▸ **WORK ORDER**: Please, starting at the line that contains "this 1600×1600 image.", reproduce every line exactly until the records run out, skipping all pictures.

▸ **THE RECORDS**:
----------

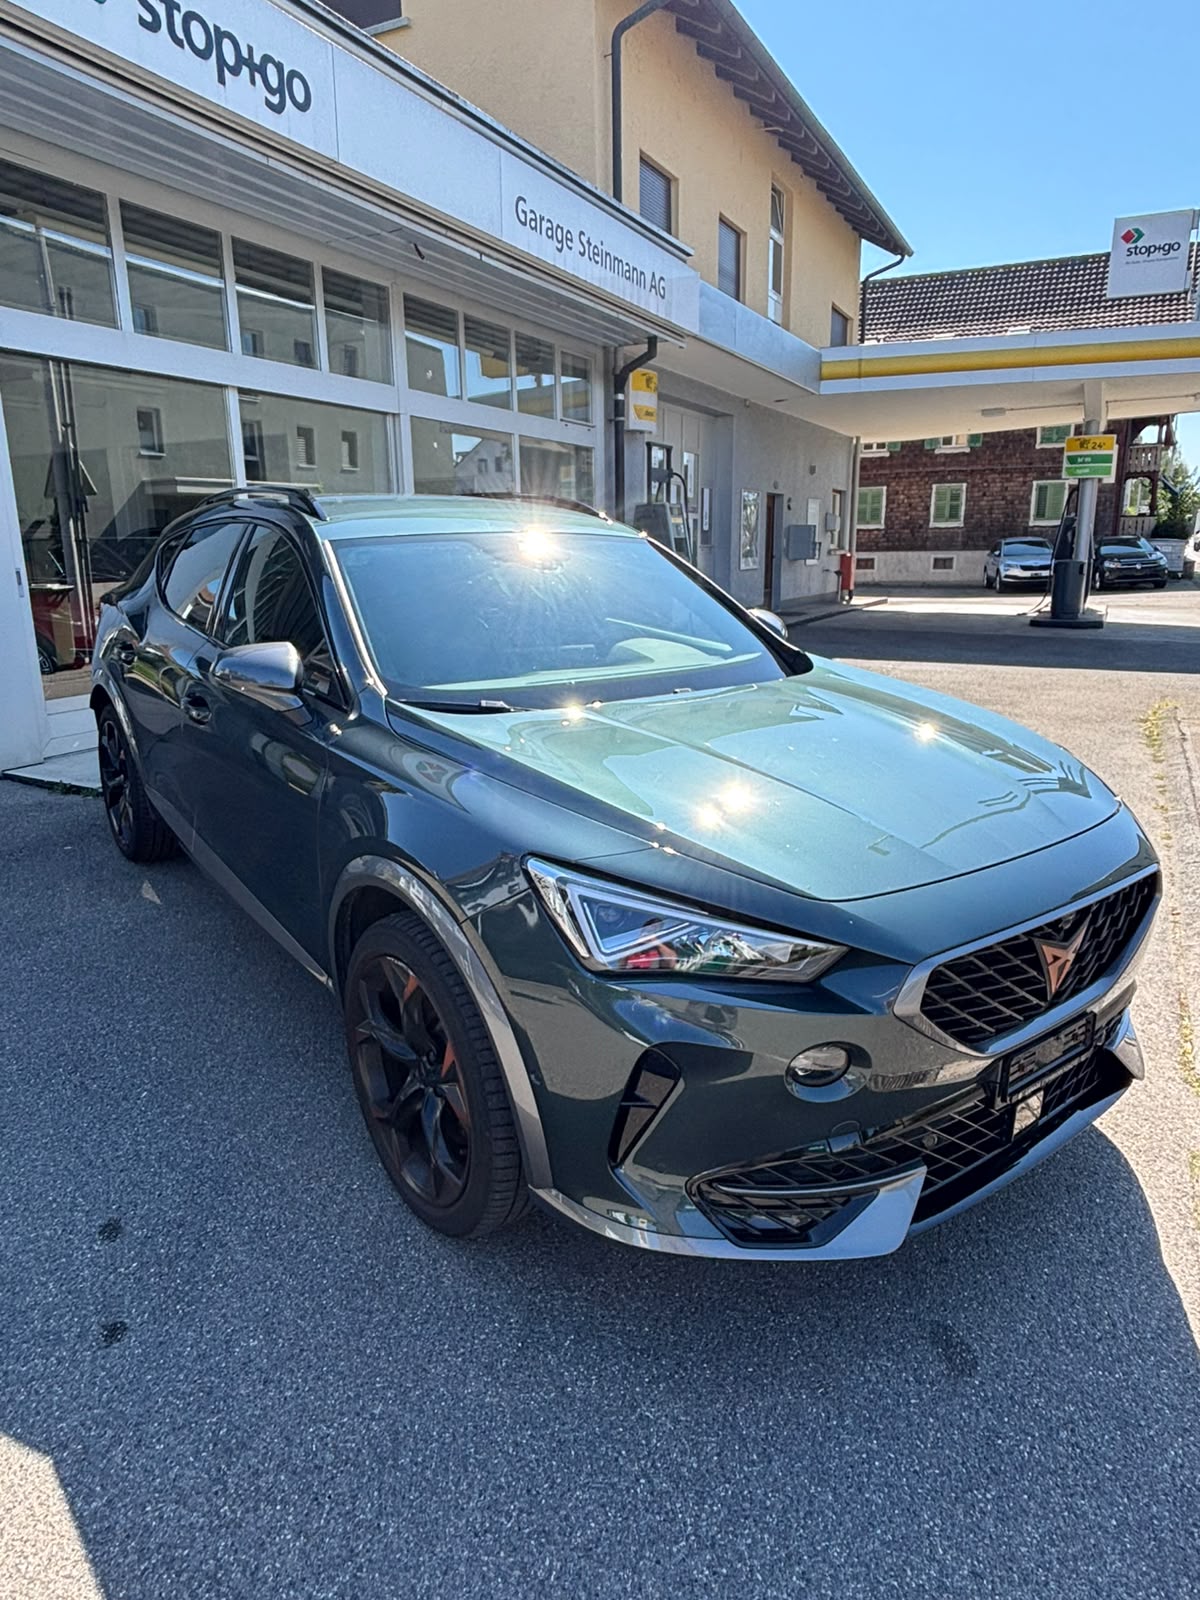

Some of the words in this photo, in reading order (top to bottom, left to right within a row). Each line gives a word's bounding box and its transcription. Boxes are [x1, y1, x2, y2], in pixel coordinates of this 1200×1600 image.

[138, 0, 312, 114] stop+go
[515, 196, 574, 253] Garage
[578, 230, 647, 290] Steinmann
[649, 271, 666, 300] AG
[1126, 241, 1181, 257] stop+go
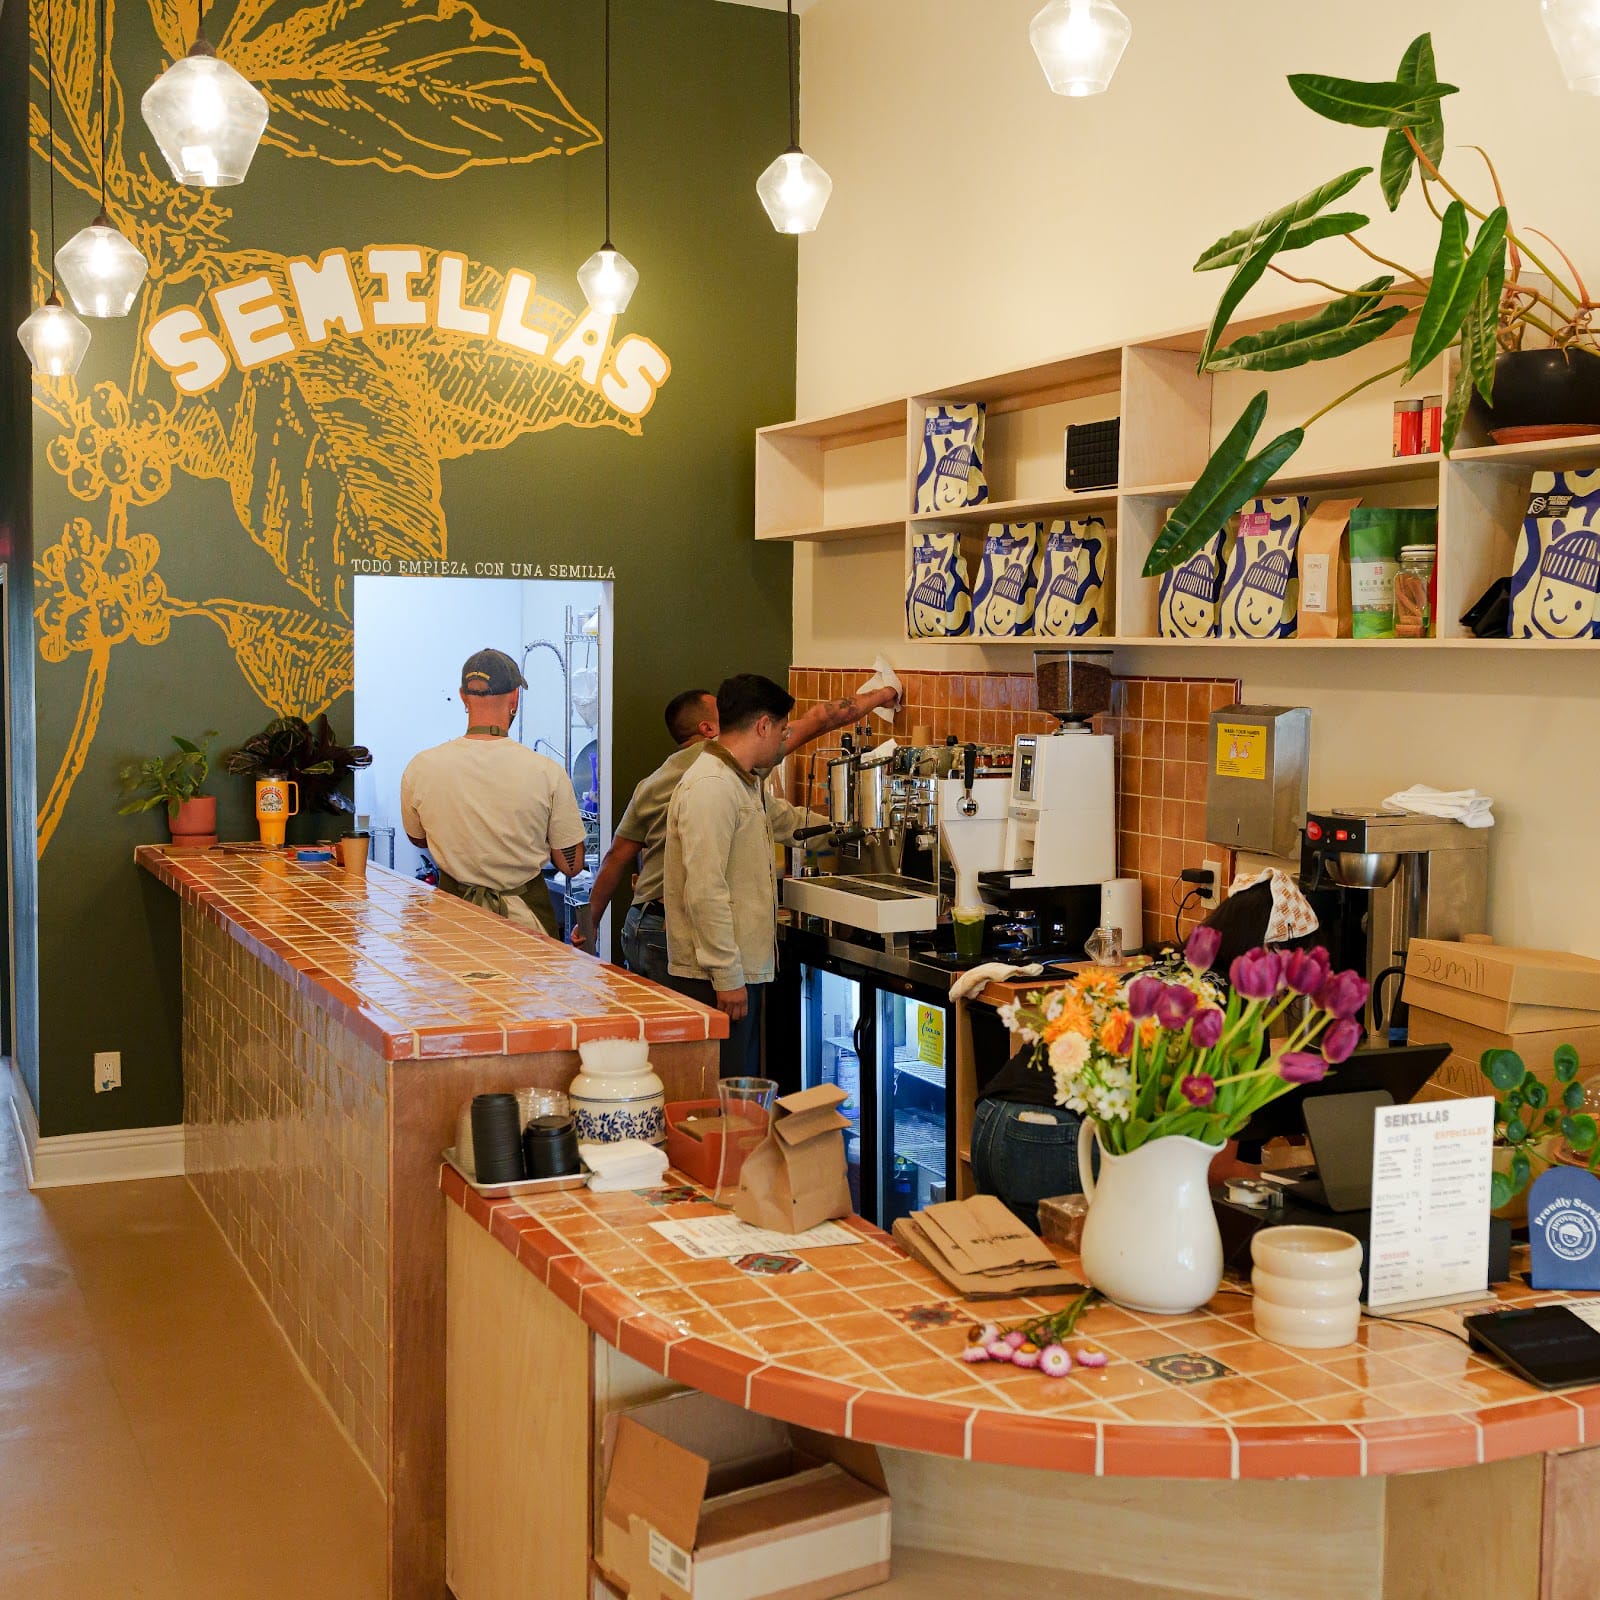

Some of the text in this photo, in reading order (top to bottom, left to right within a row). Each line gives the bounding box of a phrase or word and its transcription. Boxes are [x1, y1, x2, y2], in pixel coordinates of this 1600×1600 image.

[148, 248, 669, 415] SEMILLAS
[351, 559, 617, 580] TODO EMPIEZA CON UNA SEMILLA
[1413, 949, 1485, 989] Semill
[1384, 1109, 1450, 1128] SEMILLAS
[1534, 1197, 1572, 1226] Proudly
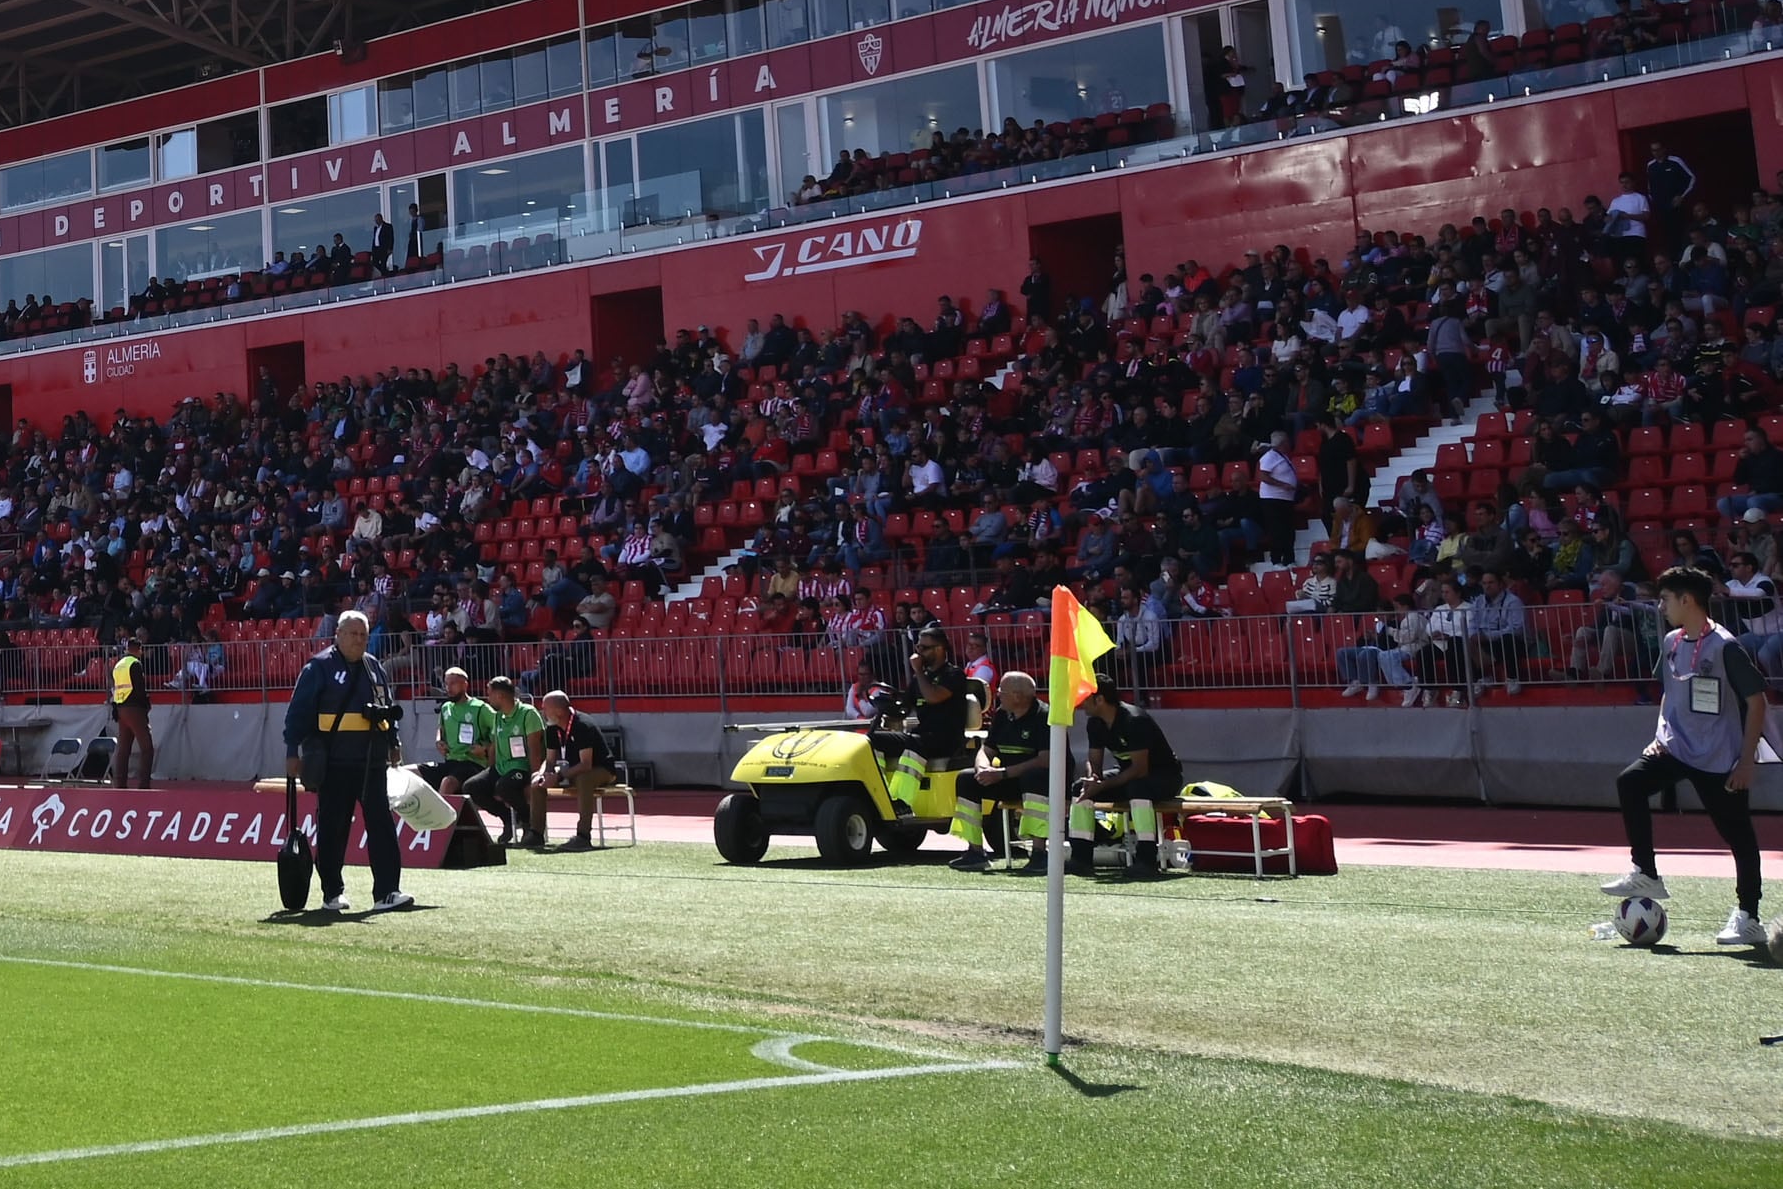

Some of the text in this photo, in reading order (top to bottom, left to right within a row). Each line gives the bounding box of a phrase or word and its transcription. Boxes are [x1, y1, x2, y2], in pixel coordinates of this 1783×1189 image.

----------

▸ **REPLY**:
Some of the text in this photo, in reading order (top to bottom, left to right within a row). Each line gives the bounding box of a phrase or word and its transcription. Boxes are [x1, y1, x2, y2], in pixel coordinates of this 1600×1600 image.

[148, 248, 669, 415] SEMILLAS
[351, 559, 617, 580] TODO EMPIEZA CON UNA SEMILLA
[1413, 949, 1485, 989] Semill
[1384, 1109, 1450, 1128] SEMILLAS
[1534, 1197, 1572, 1226] Proudly

Some of the text in this photo, in reading order (top to bottom, left to right within a row). Each line gives the bounding box of a phrase or word and its transcription. Boxes are [x1, y1, x2, y2], in pixel coordinates of this 1783×1189 image.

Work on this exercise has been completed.